Dicaeopolis: How beautiful and golden is the flesh of a woodpigeon!

Lamachos (to Dicaeopolis): Hey man! Have you done with mocking my armour?

Dicaeopolis (to Lamachos): Hey man! Please refrain from ogling my thrushes?

Lamachos (to his slave): Bring me the case of my triple plume. 

Diceopolis (to his slave): Bring me a little dish of hare stew. 

Lamachos. Oh, how the moths have eaten my egrets?

Diceopolis: Oh, will I get to eat my stew before dinner?

Lamachos (to Diceopolis): Hey man! Would you mind not speaking to me? 

Dicaeopolis. (To Lamachos): But I am not speaking to you; but to his Boy with whom I have been conversing for quite a while.  (To his slave.) Do you want to have a bet and have Lamachos as your arbiter? He will tell us whether locusts or thrushes are better.

Lamachos: O the insolence!

Dicaeopolis (to his slave): Look he judges locusts to be greatly superior. 

Lamachos: Boy, boy, pick up my spear and bring it to me.
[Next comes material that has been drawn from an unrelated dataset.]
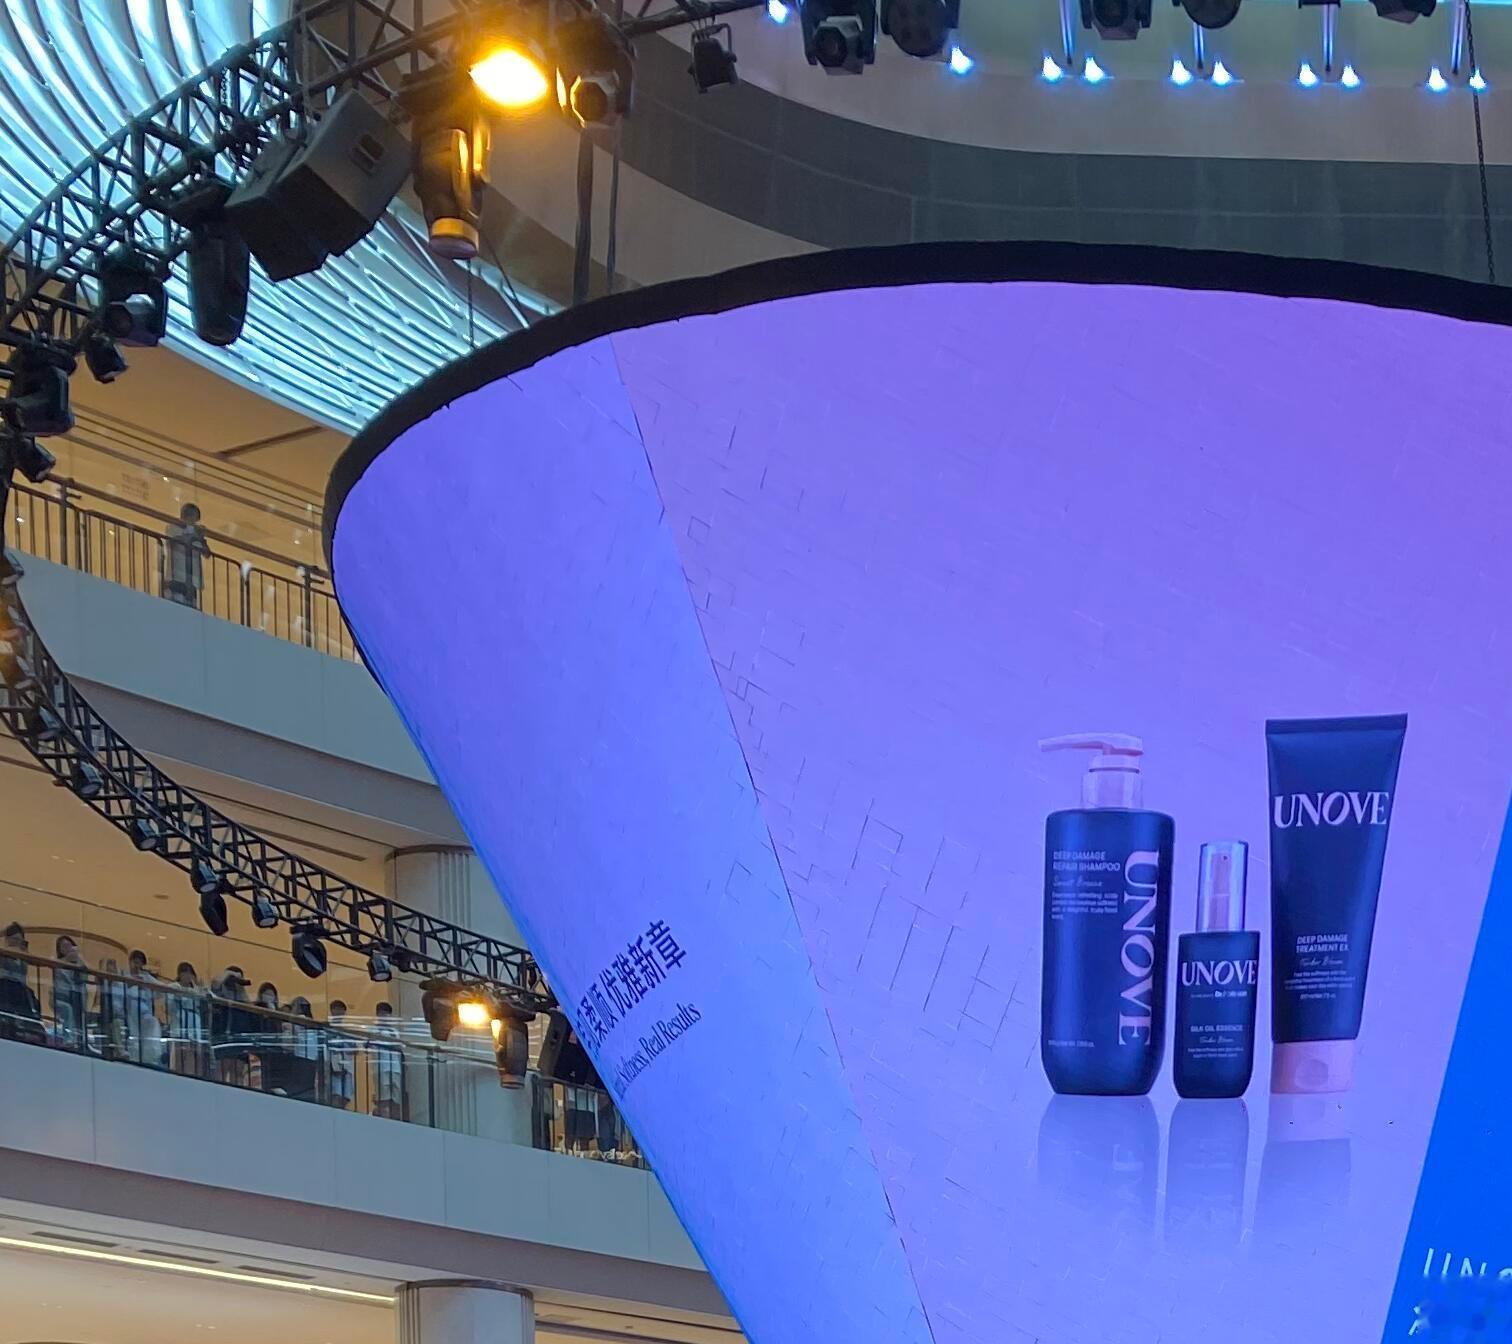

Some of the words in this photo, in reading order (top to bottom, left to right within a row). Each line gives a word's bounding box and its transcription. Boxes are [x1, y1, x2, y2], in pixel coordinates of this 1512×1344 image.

Dicaeopolis: Kid, kid, take the sausage off the grill and bring it to me. 

Lamachos: Come, let me draw my spear from its scabbard. (Giving one end of the scabbard to his slave.) Hold on, (each grabbing one end they pull on each other, each on their end), hold on tight, little one.

Dicaeopolis (handing his slave the end of a huge sausage, and tugging on it): You too, boy, hold on tight. 

Lamachos. Go kid and get me the tripod supports for my shield.

Dicaeopolis. Boy, bring me the oven-baked loaves to support (caressing his stomach) mine (a large round one).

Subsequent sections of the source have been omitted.